Your objective – Down to the last word, output the records below, skipping any images.

Entries supplied –
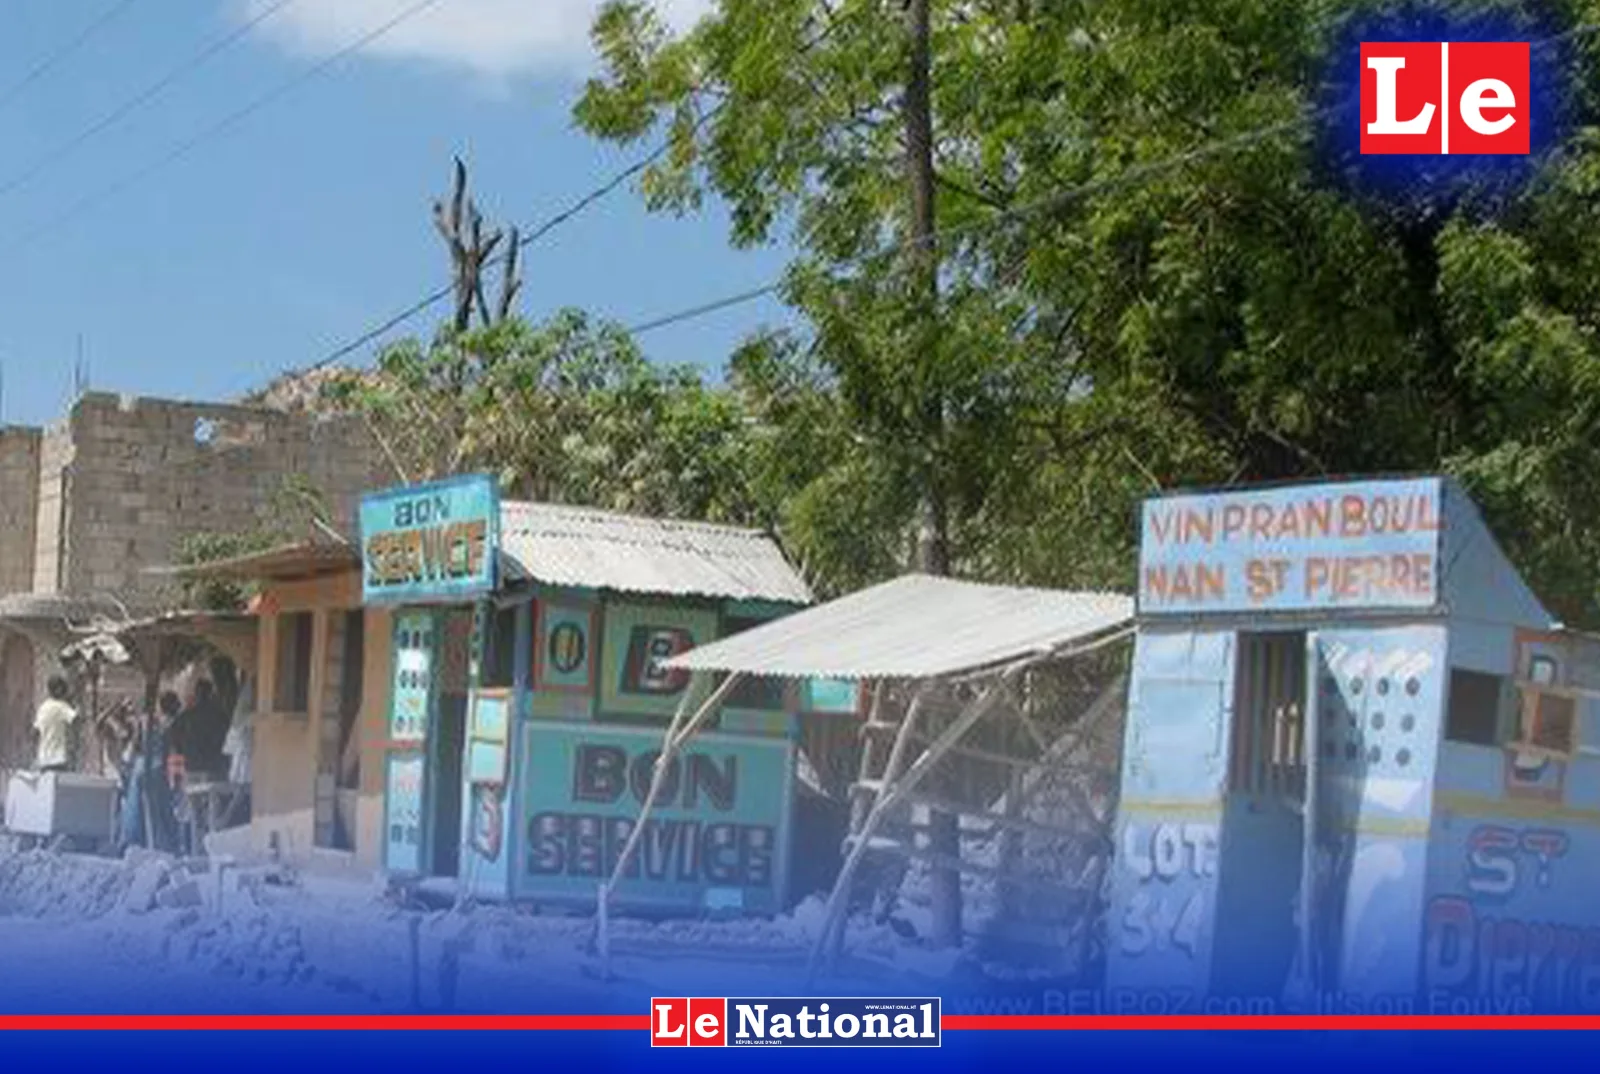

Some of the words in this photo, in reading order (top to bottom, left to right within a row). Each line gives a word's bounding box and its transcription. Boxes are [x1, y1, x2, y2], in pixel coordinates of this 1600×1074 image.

[394, 496, 451, 528] BON
[366, 518, 487, 587] SERVICE
[1304, 553, 1432, 602] PIERRE
[572, 743, 737, 812] BON
[528, 810, 776, 887] SERVICE

Written answer –
Some of the words in this photo, in reading order (top to bottom, left to right within a row). Each line gives a word's bounding box and its transcription. Boxes are [x1, y1, x2, y2], in pixel coordinates of this 1600×1074 image.

[394, 496, 451, 528] BON
[366, 518, 487, 587] SERVICE
[1304, 553, 1432, 602] PIERRE
[572, 743, 737, 812] BON
[528, 810, 776, 887] SERVICE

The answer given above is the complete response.